6 tablespoons of flour for every 2 cups of milk. Mix the flour and some milk in a blender, then add into a pan with the remaining milk and turn the heat on high.You want to stir it the whole time with a wooden spoon, because it burns very easily. Add 2-3 tablespoons of butter, salt, peper and a pinch of nutmeg (can be omited). It will thicken as you cook it. When it is thick enough, get it of the fire, wait for 1 minute then add one egg(adjust for larger quantities), while stirring vigorously. And some ground cheese and then add on top of your oven pan (over the meat). Top with cheese and then bake at 180 C until the top is golden brown. Let it cool before you try cutting it.
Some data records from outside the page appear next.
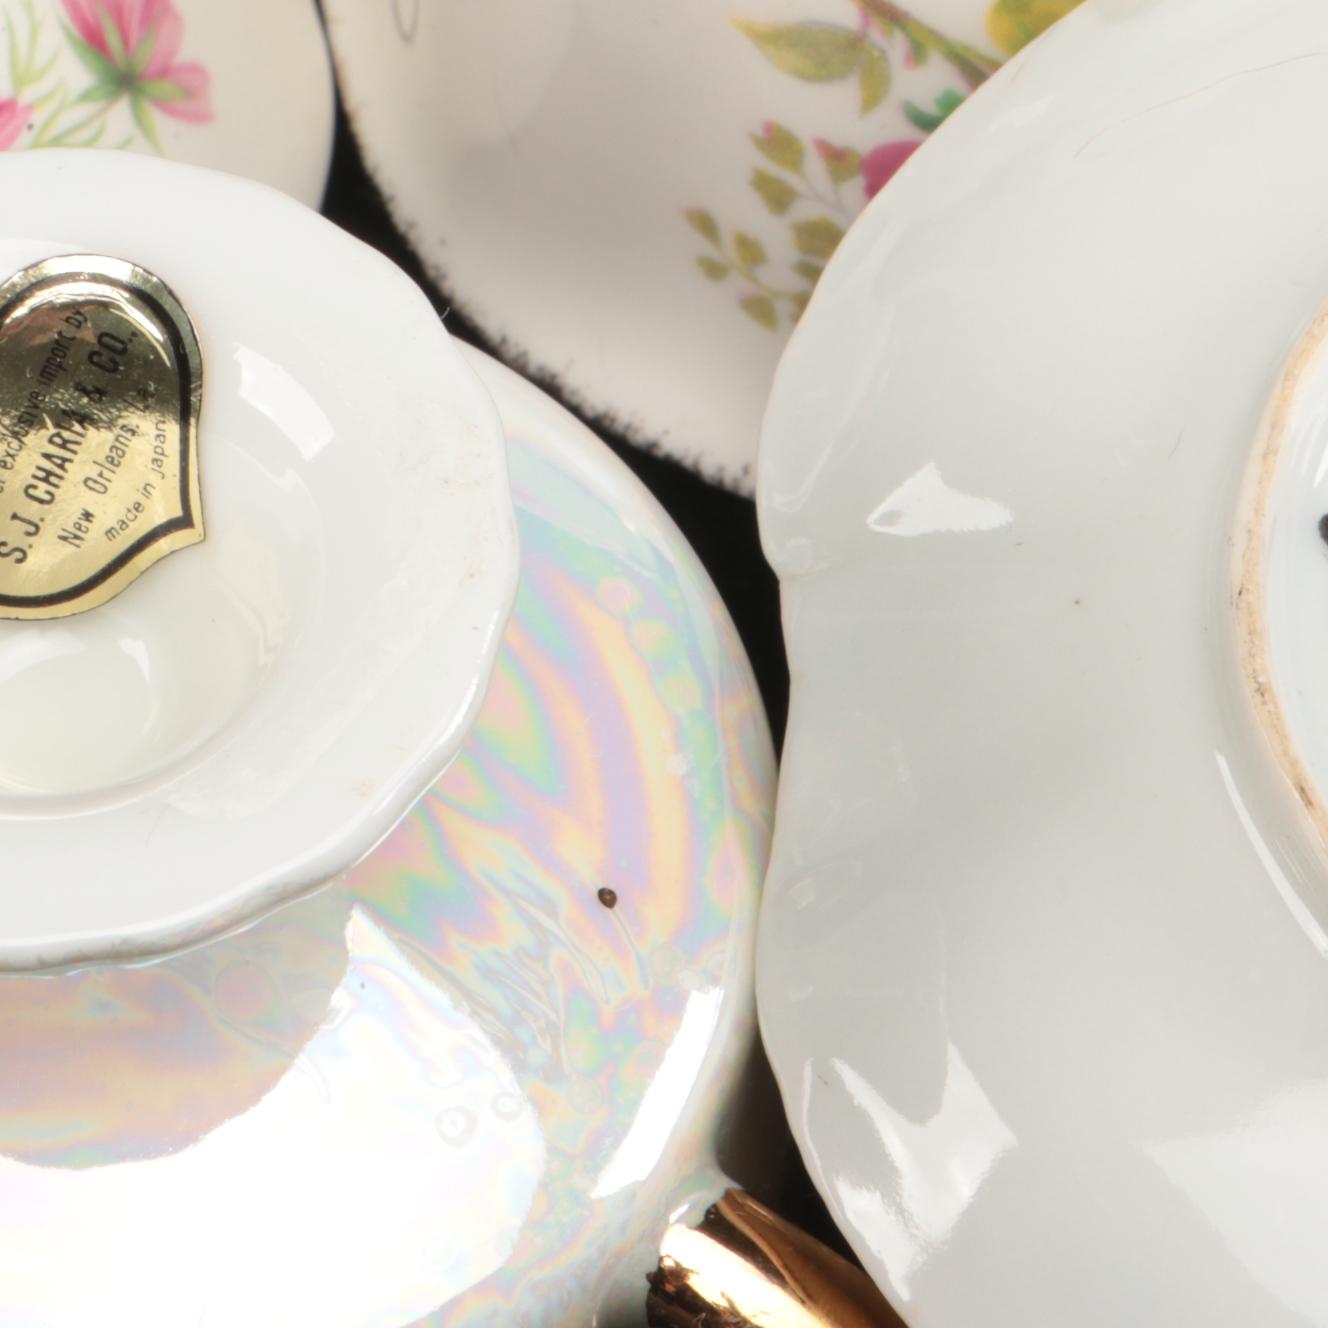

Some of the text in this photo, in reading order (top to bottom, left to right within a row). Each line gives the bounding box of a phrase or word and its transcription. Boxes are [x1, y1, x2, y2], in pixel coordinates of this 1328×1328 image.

[39, 330, 78, 404] import
[64, 305, 89, 332] by
[57, 508, 97, 550] New
[104, 420, 168, 543] made in japan
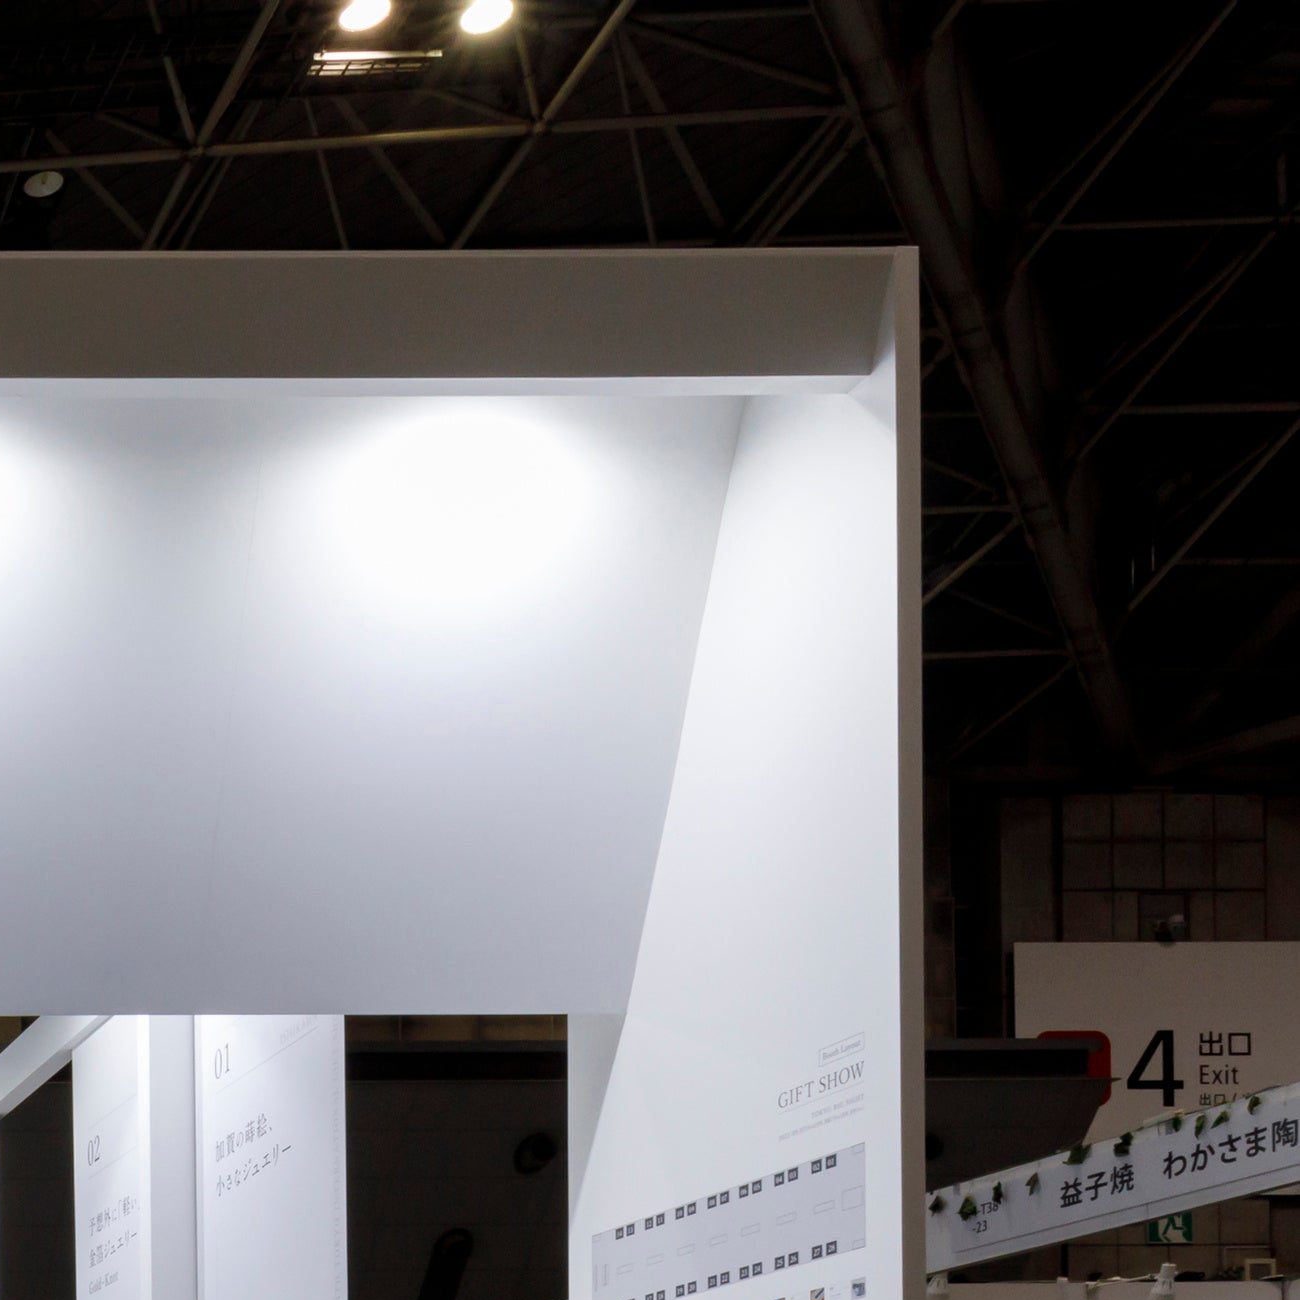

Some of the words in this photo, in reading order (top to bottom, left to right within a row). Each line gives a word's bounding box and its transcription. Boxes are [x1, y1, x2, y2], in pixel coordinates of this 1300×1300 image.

[214, 1042, 231, 1080] 01
[1199, 1031, 1252, 1056] 出口
[777, 1080, 815, 1109] GIFT
[818, 1060, 865, 1094] SHOW
[1127, 1030, 1184, 1107] 4
[1199, 1065, 1240, 1085] Exit
[87, 1134, 101, 1167] 02
[215, 1112, 273, 1163] 加賀の蒔絵、
[216, 1143, 292, 1198] 小さなジュエリー
[1059, 1164, 1135, 1209] 益子焼
[1162, 1118, 1300, 1180] わかさま陶
I'd love to hear your thoughts, and answer any questions you may have


----------



## koukouvagia (Apr 3, 2008)

I don't know where to begin.


----------



## Guest (Sep 8, 2010)

a good salad is the first thing to get on the table, so start from that


----------



## boar_d_laze (Feb 13, 2008)

Originally Posted by *Koukouvagia* 


> I don't know where to begin.


How about starting with the tomatoes?

BDL


----------



## koukouvagia (Apr 3, 2008)

boar_d_laze said:


> Originally Posted by *Koukouvagia*
> 
> How about starting with the tomatoes?
> 
> BDL


Yes that's the first thing that made me go WHAT?
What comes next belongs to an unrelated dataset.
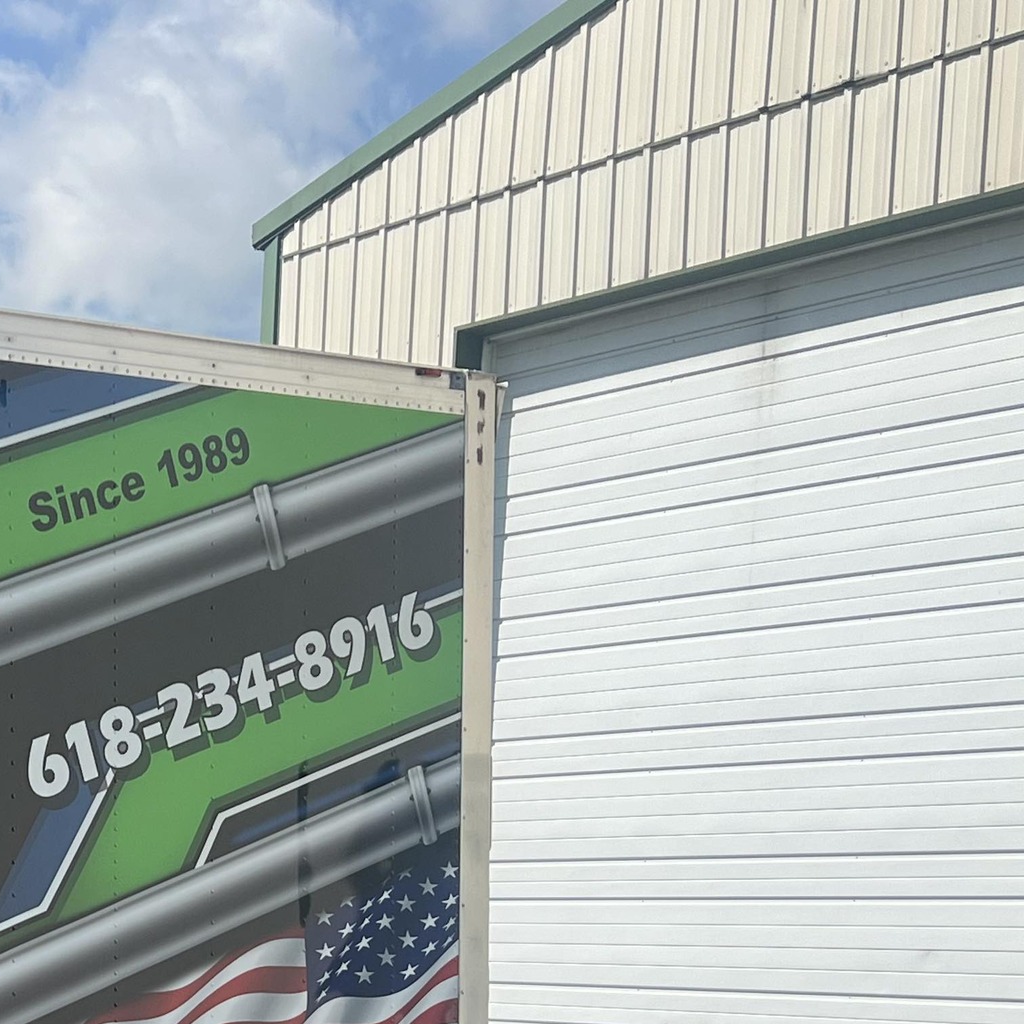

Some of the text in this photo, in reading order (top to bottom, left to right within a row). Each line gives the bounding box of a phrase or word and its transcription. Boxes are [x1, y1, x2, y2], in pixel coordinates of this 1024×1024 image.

[28, 426, 250, 533] Since 1989
[26, 591, 435, 798] 618-234-8916
Instead of nitpicking I will say Hello Spiro, welcome to the forum. If you take a look around the site you will see that it is full of truly experienced chefs and home cooks and most of the people here really know their way around a good greek dish among many other types of cuisine. So please stick around and get to know us a little better and you might find a proper recipe for bechamel along the way. Mas noiazei!


----------



## Guest (Sep 8, 2010)

This recipe for the bechamel is in our "Chelemente",which I can say has served both my mother and grandmother very well 

What your objection? The blender thing is an easy way to avoid clumps of flour in your cream. 
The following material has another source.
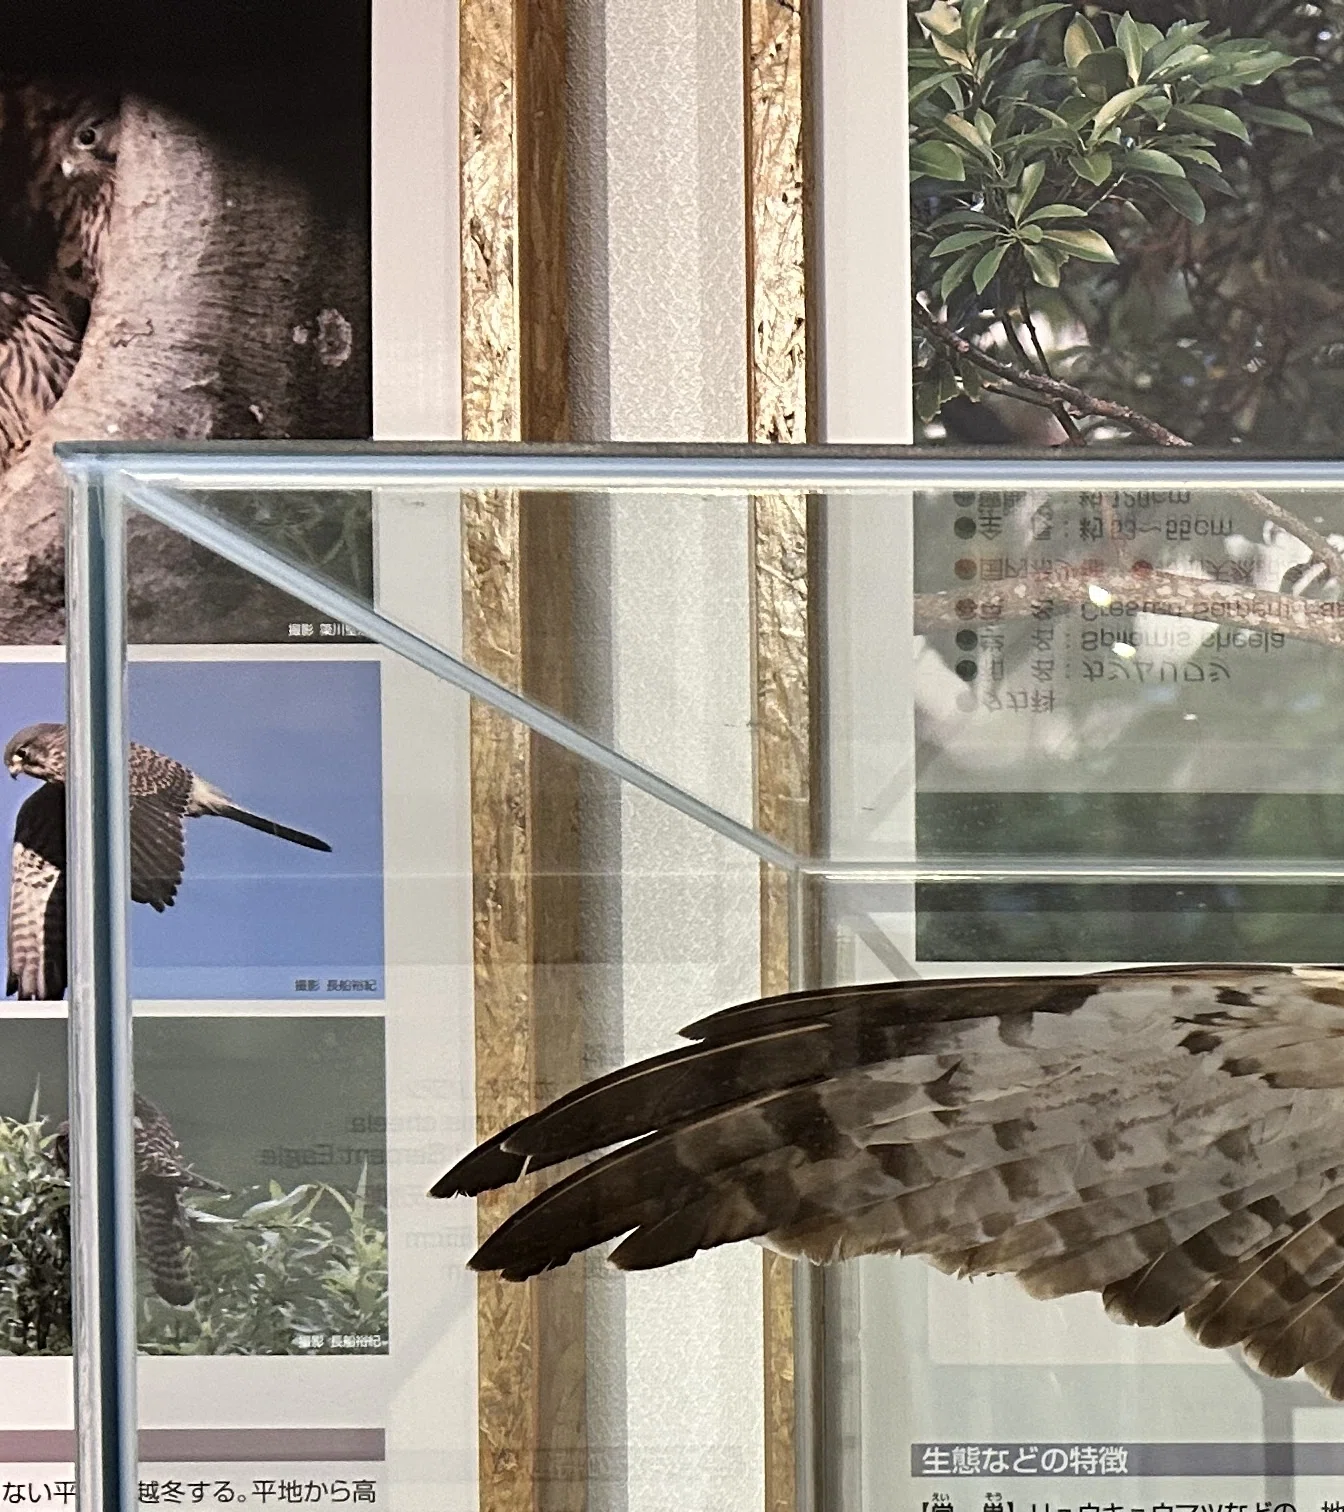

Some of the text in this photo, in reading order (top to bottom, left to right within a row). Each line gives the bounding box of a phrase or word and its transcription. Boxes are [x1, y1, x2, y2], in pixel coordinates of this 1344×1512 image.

[921, 1446, 1129, 1475] 生態などの特徴
Please, don't take this the wrong way. I have no doubt that people here are skilled and know their craft ( or should I say art? ). I'd like to see what foreign chefs think (and know-please read further) of our cuisine, how they utilise the combinations and flavors and more than anything, to ask them to spread the "real thing". Not only about greek cuisine, but for every cuisine.

I say what people know of our cuisine, because have seen some incredible things named "greek", where in fact they relate to it as much as I relate to a martian.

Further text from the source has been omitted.